Please write out all of the entries beneath this line exactly, skipping the pictures.

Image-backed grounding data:
────

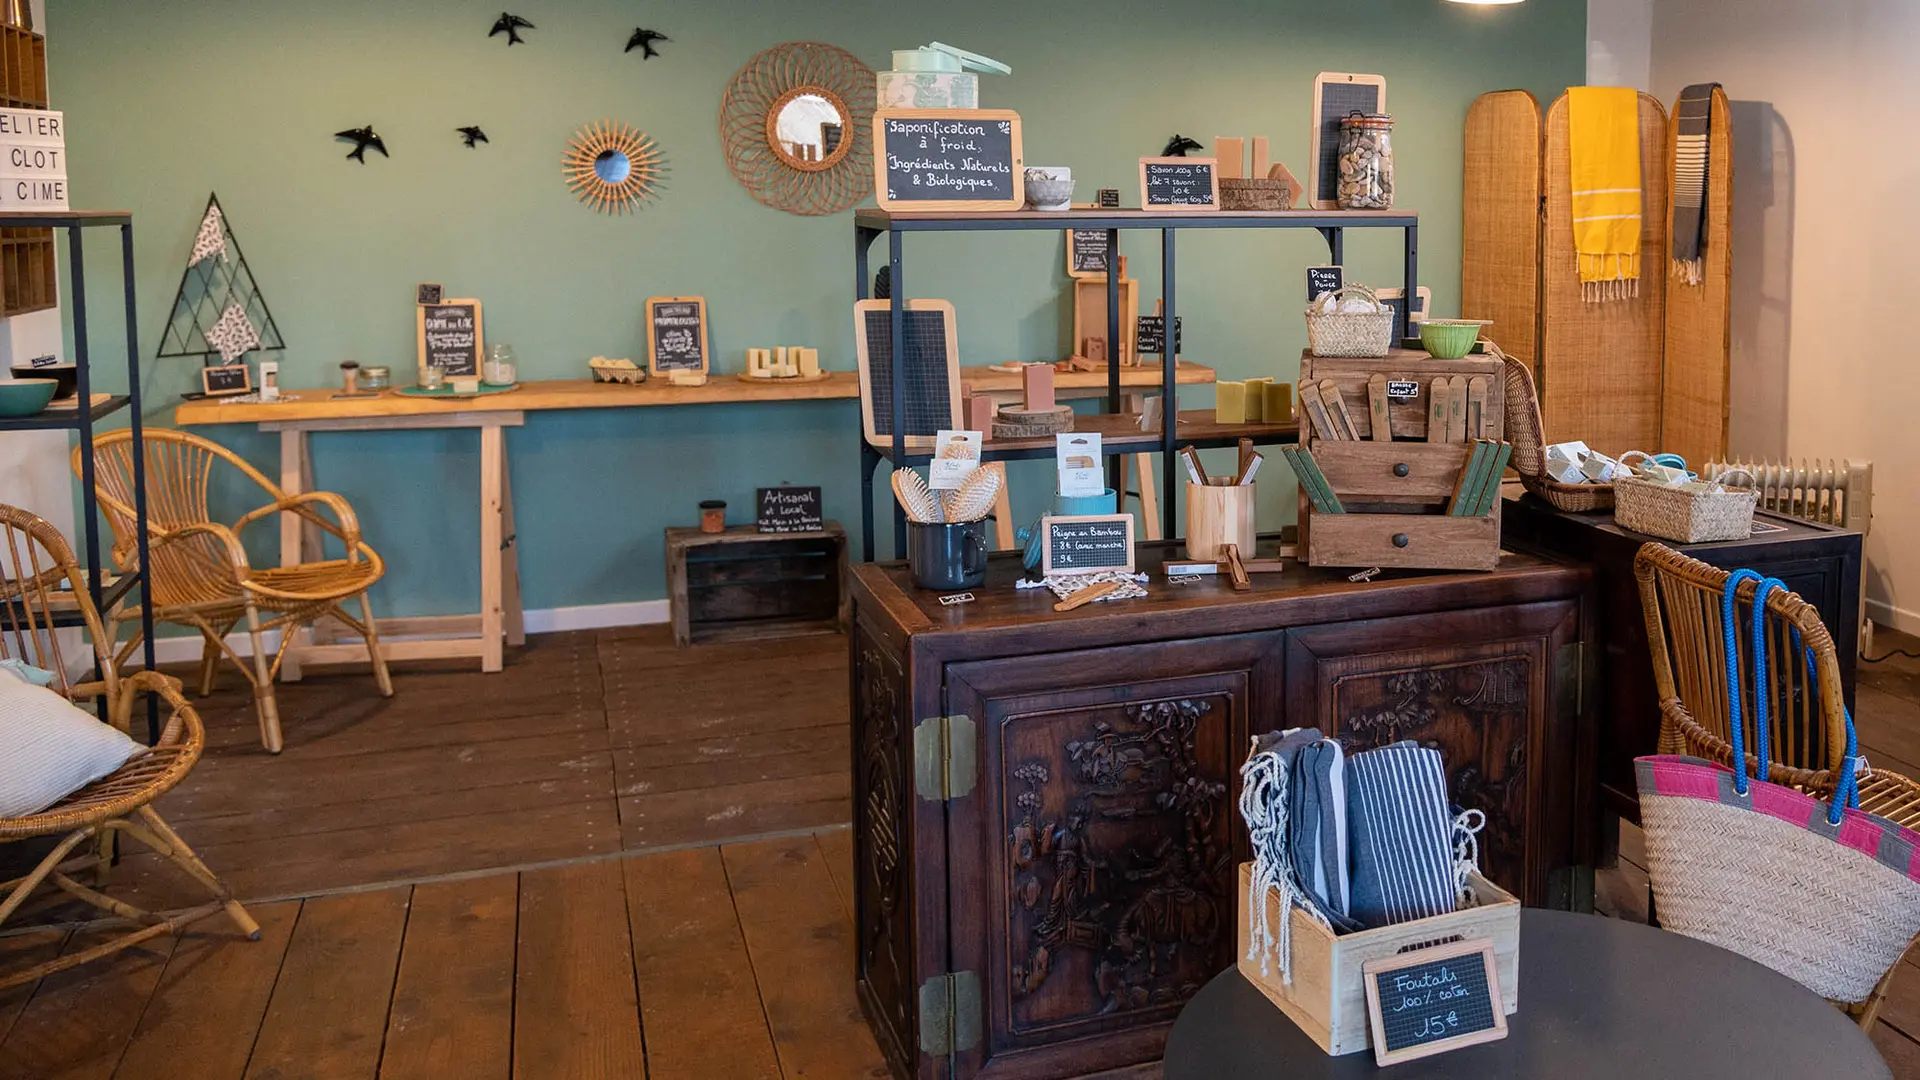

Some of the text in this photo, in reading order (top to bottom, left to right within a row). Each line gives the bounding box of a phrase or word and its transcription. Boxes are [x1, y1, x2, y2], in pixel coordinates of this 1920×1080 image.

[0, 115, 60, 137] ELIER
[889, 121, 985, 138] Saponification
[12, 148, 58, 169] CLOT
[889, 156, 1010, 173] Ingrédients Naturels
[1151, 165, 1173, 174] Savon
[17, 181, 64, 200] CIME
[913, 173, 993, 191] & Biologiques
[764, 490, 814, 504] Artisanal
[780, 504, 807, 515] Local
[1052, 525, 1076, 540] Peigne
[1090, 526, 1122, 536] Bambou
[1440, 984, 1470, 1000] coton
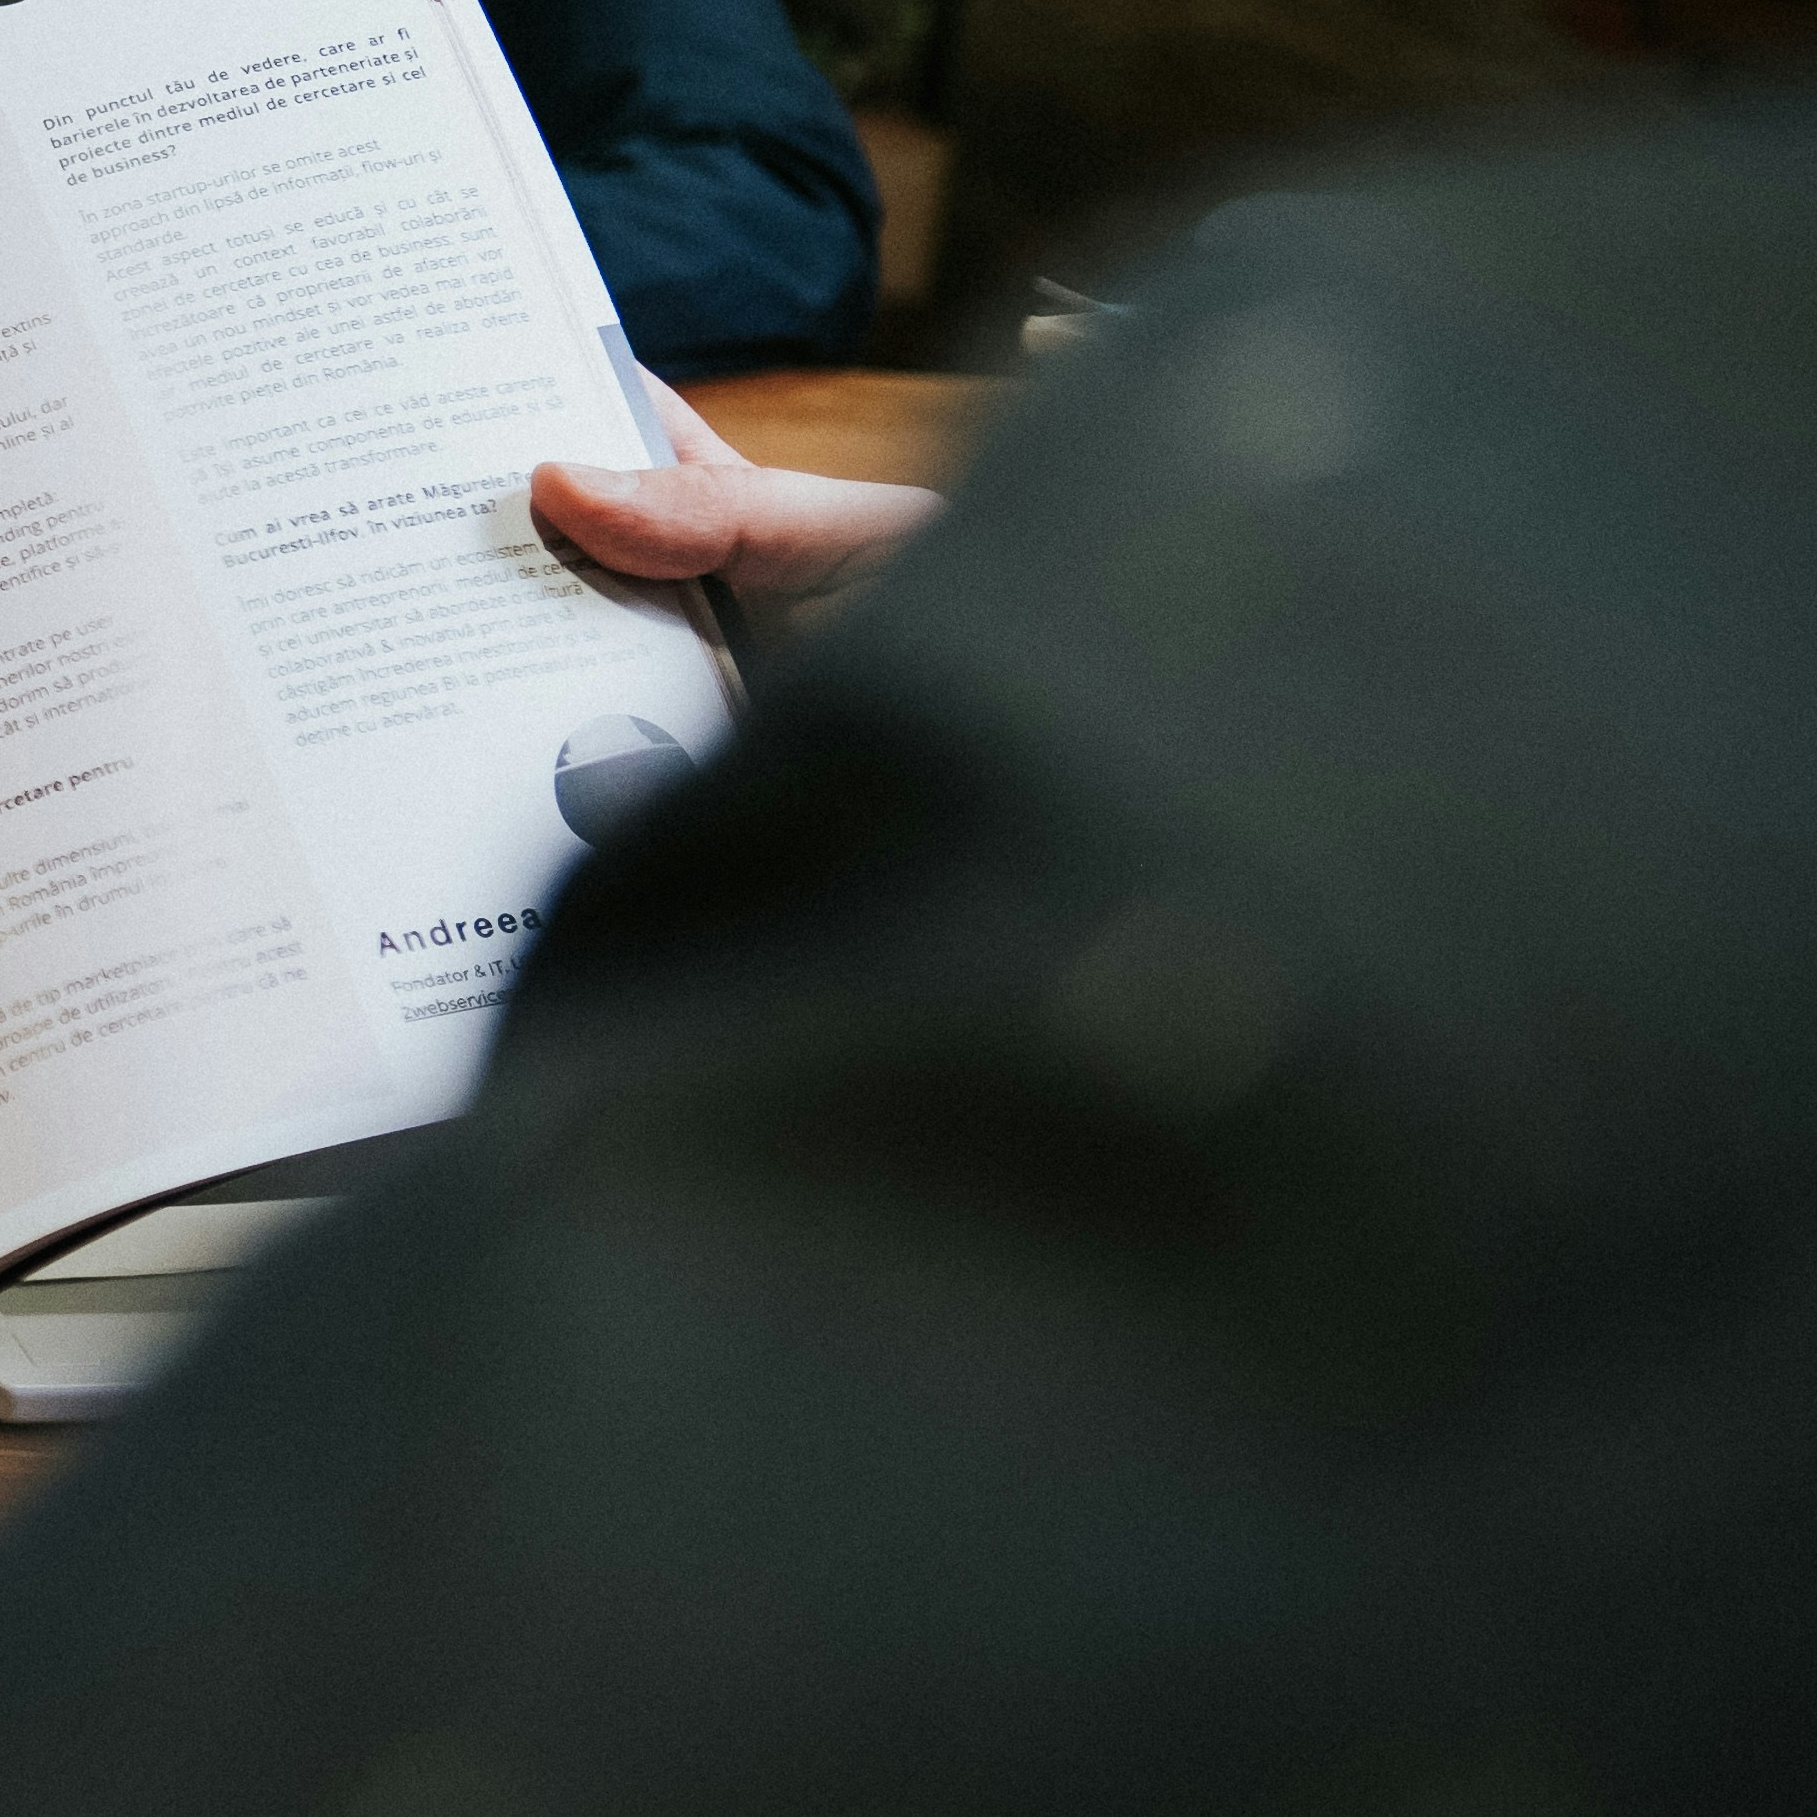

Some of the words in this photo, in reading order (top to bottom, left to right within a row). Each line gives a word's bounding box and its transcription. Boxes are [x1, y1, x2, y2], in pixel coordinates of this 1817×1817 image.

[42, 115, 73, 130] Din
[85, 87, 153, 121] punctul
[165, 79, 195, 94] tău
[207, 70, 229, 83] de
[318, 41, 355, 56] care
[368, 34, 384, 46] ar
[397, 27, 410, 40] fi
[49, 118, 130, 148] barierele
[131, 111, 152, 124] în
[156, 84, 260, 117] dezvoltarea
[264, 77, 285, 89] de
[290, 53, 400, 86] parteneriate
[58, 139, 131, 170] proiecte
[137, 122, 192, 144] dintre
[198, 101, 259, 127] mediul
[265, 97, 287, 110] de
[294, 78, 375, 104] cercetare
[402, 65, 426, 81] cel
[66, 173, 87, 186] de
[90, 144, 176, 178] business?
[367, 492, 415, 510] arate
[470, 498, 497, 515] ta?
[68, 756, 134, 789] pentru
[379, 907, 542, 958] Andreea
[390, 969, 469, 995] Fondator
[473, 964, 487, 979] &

────

ANSWER TO THIS TASK:
Some of the text in this photo, in reading order (top to bottom, left to right within a row). Each line gives the bounding box of a phrase or word and its transcription. Boxes are [x1, y1, x2, y2], in pixel coordinates of this 1920×1080 image.

[0, 115, 60, 137] ELIER
[889, 121, 985, 138] Saponification
[12, 148, 58, 169] CLOT
[889, 156, 1010, 173] Ingrédients Naturels
[1151, 165, 1173, 174] Savon
[17, 181, 64, 200] CIME
[913, 173, 993, 191] & Biologiques
[764, 490, 814, 504] Artisanal
[780, 504, 807, 515] Local
[1052, 525, 1076, 540] Peigne
[1090, 526, 1122, 536] Bambou
[1440, 984, 1470, 1000] coton

Some of the words in this photo, in reading order (top to bottom, left to right within a row). Each line gives a word's bounding box and its transcription. Boxes are [x1, y1, x2, y2], in pixel coordinates of this 1817×1817 image.

[42, 115, 73, 130] Din
[85, 87, 153, 121] punctul
[165, 79, 195, 94] tău
[207, 70, 229, 83] de
[318, 41, 355, 56] care
[368, 34, 384, 46] ar
[397, 27, 410, 40] fi
[49, 118, 130, 148] barierele
[131, 111, 152, 124] în
[156, 84, 260, 117] dezvoltarea
[264, 77, 285, 89] de
[290, 53, 400, 86] parteneriate
[58, 139, 131, 170] proiecte
[137, 122, 192, 144] dintre
[198, 101, 259, 127] mediul
[265, 97, 287, 110] de
[294, 78, 375, 104] cercetare
[402, 65, 426, 81] cel
[66, 173, 87, 186] de
[90, 144, 176, 178] business?
[367, 492, 415, 510] arate
[470, 498, 497, 515] ta?
[68, 756, 134, 789] pentru
[379, 907, 542, 958] Andreea
[390, 969, 469, 995] Fondator
[473, 964, 487, 979] &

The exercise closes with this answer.